What is needed here is an exact copy of all the entries below.

## DATA SHOWN
== == ==

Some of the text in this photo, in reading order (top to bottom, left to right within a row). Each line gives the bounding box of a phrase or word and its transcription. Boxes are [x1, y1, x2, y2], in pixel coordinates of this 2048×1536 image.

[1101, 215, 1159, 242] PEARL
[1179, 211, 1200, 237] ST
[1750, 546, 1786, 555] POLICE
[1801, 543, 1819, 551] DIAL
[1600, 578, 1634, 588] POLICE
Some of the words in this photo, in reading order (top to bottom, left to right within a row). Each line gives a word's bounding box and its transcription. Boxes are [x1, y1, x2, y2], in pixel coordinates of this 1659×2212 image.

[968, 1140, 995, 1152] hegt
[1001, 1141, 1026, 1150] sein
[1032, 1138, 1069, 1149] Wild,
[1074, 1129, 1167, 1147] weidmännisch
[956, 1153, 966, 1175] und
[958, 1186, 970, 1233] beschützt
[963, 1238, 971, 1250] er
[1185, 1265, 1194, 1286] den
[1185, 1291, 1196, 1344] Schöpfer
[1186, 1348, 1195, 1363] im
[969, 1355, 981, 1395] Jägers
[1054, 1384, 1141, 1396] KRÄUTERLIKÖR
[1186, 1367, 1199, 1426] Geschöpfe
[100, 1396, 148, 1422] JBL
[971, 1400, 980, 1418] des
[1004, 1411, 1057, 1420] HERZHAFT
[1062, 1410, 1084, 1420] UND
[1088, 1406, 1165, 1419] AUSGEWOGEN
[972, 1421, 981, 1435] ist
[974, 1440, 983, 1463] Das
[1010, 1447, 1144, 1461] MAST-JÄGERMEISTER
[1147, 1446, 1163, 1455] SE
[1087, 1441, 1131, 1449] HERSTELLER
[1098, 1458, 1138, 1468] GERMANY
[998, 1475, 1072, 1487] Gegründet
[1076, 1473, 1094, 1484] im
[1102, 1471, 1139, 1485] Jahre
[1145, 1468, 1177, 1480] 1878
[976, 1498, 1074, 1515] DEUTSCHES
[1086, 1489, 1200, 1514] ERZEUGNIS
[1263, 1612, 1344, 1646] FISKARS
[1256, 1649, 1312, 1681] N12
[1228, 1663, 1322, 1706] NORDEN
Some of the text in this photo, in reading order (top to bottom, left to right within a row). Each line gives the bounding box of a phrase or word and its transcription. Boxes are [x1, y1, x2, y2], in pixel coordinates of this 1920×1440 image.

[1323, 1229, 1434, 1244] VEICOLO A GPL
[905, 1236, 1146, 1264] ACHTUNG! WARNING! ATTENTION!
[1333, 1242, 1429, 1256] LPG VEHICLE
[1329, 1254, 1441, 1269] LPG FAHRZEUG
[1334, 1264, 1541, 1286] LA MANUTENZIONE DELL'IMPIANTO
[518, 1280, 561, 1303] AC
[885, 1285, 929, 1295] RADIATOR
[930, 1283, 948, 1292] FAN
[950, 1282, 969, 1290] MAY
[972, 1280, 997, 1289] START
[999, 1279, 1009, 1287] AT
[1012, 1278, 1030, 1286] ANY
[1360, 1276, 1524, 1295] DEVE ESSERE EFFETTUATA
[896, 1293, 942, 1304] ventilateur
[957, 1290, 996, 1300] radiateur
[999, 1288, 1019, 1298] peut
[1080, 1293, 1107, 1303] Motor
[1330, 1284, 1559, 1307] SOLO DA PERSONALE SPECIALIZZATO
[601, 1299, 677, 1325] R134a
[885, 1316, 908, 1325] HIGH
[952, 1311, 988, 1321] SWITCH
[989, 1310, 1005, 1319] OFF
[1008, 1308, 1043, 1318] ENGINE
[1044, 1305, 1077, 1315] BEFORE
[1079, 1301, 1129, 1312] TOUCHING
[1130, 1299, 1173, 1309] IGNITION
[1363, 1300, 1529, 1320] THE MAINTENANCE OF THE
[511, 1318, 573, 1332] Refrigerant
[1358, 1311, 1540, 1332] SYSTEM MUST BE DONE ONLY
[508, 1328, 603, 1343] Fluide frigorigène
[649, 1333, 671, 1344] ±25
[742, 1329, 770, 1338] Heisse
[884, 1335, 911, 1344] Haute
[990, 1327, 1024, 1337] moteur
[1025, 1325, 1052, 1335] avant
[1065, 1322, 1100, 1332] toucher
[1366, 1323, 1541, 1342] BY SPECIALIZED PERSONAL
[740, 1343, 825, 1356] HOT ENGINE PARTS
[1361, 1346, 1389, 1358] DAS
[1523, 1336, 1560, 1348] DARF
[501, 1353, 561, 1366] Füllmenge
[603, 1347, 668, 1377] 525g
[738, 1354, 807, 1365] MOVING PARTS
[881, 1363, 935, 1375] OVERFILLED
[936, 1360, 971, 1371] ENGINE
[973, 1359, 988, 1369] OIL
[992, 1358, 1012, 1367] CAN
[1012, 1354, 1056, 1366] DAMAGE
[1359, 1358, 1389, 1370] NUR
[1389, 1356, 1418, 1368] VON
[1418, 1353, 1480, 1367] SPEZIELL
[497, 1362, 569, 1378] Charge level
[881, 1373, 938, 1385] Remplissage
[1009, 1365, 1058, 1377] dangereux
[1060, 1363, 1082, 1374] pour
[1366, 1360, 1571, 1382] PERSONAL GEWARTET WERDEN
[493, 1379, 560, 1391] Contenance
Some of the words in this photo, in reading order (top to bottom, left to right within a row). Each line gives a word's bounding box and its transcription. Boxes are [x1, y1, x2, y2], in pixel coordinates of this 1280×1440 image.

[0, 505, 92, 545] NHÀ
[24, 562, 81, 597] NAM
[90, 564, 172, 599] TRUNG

== == ==

## RESPONSE BELOW
Some of the text in this photo, in reading order (top to bottom, left to right within a row). Each line gives the bounding box of a phrase or word and its transcription. Boxes are [x1, y1, x2, y2], in pixel coordinates of this 2048×1536 image.

[1101, 215, 1159, 242] PEARL
[1179, 211, 1200, 237] ST
[1750, 546, 1786, 555] POLICE
[1801, 543, 1819, 551] DIAL
[1600, 578, 1634, 588] POLICE
Some of the words in this photo, in reading order (top to bottom, left to right within a row). Each line gives a word's bounding box and its transcription. Boxes are [x1, y1, x2, y2], in pixel coordinates of this 1659×2212 image.

[968, 1140, 995, 1152] hegt
[1001, 1141, 1026, 1150] sein
[1032, 1138, 1069, 1149] Wild,
[1074, 1129, 1167, 1147] weidmännisch
[956, 1153, 966, 1175] und
[958, 1186, 970, 1233] beschützt
[963, 1238, 971, 1250] er
[1185, 1265, 1194, 1286] den
[1185, 1291, 1196, 1344] Schöpfer
[1186, 1348, 1195, 1363] im
[969, 1355, 981, 1395] Jägers
[1054, 1384, 1141, 1396] KRÄUTERLIKÖR
[1186, 1367, 1199, 1426] Geschöpfe
[100, 1396, 148, 1422] JBL
[971, 1400, 980, 1418] des
[1004, 1411, 1057, 1420] HERZHAFT
[1062, 1410, 1084, 1420] UND
[1088, 1406, 1165, 1419] AUSGEWOGEN
[972, 1421, 981, 1435] ist
[974, 1440, 983, 1463] Das
[1010, 1447, 1144, 1461] MAST-JÄGERMEISTER
[1147, 1446, 1163, 1455] SE
[1087, 1441, 1131, 1449] HERSTELLER
[1098, 1458, 1138, 1468] GERMANY
[998, 1475, 1072, 1487] Gegründet
[1076, 1473, 1094, 1484] im
[1102, 1471, 1139, 1485] Jahre
[1145, 1468, 1177, 1480] 1878
[976, 1498, 1074, 1515] DEUTSCHES
[1086, 1489, 1200, 1514] ERZEUGNIS
[1263, 1612, 1344, 1646] FISKARS
[1256, 1649, 1312, 1681] N12
[1228, 1663, 1322, 1706] NORDEN
Some of the text in this photo, in reading order (top to bottom, left to right within a row). Each line gives the bounding box of a phrase or word and its transcription. Boxes are [x1, y1, x2, y2], in pixel coordinates of this 1920×1440 image.

[1323, 1229, 1434, 1244] VEICOLO A GPL
[905, 1236, 1146, 1264] ACHTUNG! WARNING! ATTENTION!
[1333, 1242, 1429, 1256] LPG VEHICLE
[1329, 1254, 1441, 1269] LPG FAHRZEUG
[1334, 1264, 1541, 1286] LA MANUTENZIONE DELL'IMPIANTO
[518, 1280, 561, 1303] AC
[885, 1285, 929, 1295] RADIATOR
[930, 1283, 948, 1292] FAN
[950, 1282, 969, 1290] MAY
[972, 1280, 997, 1289] START
[999, 1279, 1009, 1287] AT
[1012, 1278, 1030, 1286] ANY
[1360, 1276, 1524, 1295] DEVE ESSERE EFFETTUATA
[896, 1293, 942, 1304] ventilateur
[957, 1290, 996, 1300] radiateur
[999, 1288, 1019, 1298] peut
[1080, 1293, 1107, 1303] Motor
[1330, 1284, 1559, 1307] SOLO DA PERSONALE SPECIALIZZATO
[601, 1299, 677, 1325] R134a
[885, 1316, 908, 1325] HIGH
[952, 1311, 988, 1321] SWITCH
[989, 1310, 1005, 1319] OFF
[1008, 1308, 1043, 1318] ENGINE
[1044, 1305, 1077, 1315] BEFORE
[1079, 1301, 1129, 1312] TOUCHING
[1130, 1299, 1173, 1309] IGNITION
[1363, 1300, 1529, 1320] THE MAINTENANCE OF THE
[511, 1318, 573, 1332] Refrigerant
[1358, 1311, 1540, 1332] SYSTEM MUST BE DONE ONLY
[508, 1328, 603, 1343] Fluide frigorigène
[649, 1333, 671, 1344] ±25
[742, 1329, 770, 1338] Heisse
[884, 1335, 911, 1344] Haute
[990, 1327, 1024, 1337] moteur
[1025, 1325, 1052, 1335] avant
[1065, 1322, 1100, 1332] toucher
[1366, 1323, 1541, 1342] BY SPECIALIZED PERSONAL
[740, 1343, 825, 1356] HOT ENGINE PARTS
[1361, 1346, 1389, 1358] DAS
[1523, 1336, 1560, 1348] DARF
[501, 1353, 561, 1366] Füllmenge
[603, 1347, 668, 1377] 525g
[738, 1354, 807, 1365] MOVING PARTS
[881, 1363, 935, 1375] OVERFILLED
[936, 1360, 971, 1371] ENGINE
[973, 1359, 988, 1369] OIL
[992, 1358, 1012, 1367] CAN
[1012, 1354, 1056, 1366] DAMAGE
[1359, 1358, 1389, 1370] NUR
[1389, 1356, 1418, 1368] VON
[1418, 1353, 1480, 1367] SPEZIELL
[497, 1362, 569, 1378] Charge level
[881, 1373, 938, 1385] Remplissage
[1009, 1365, 1058, 1377] dangereux
[1060, 1363, 1082, 1374] pour
[1366, 1360, 1571, 1382] PERSONAL GEWARTET WERDEN
[493, 1379, 560, 1391] Contenance
Some of the words in this photo, in reading order (top to bottom, left to right within a row). Each line gives a word's bounding box and its transcription. Boxes are [x1, y1, x2, y2], in pixel coordinates of this 1280×1440 image.

[0, 505, 92, 545] NHÀ
[24, 562, 81, 597] NAM
[90, 564, 172, 599] TRUNG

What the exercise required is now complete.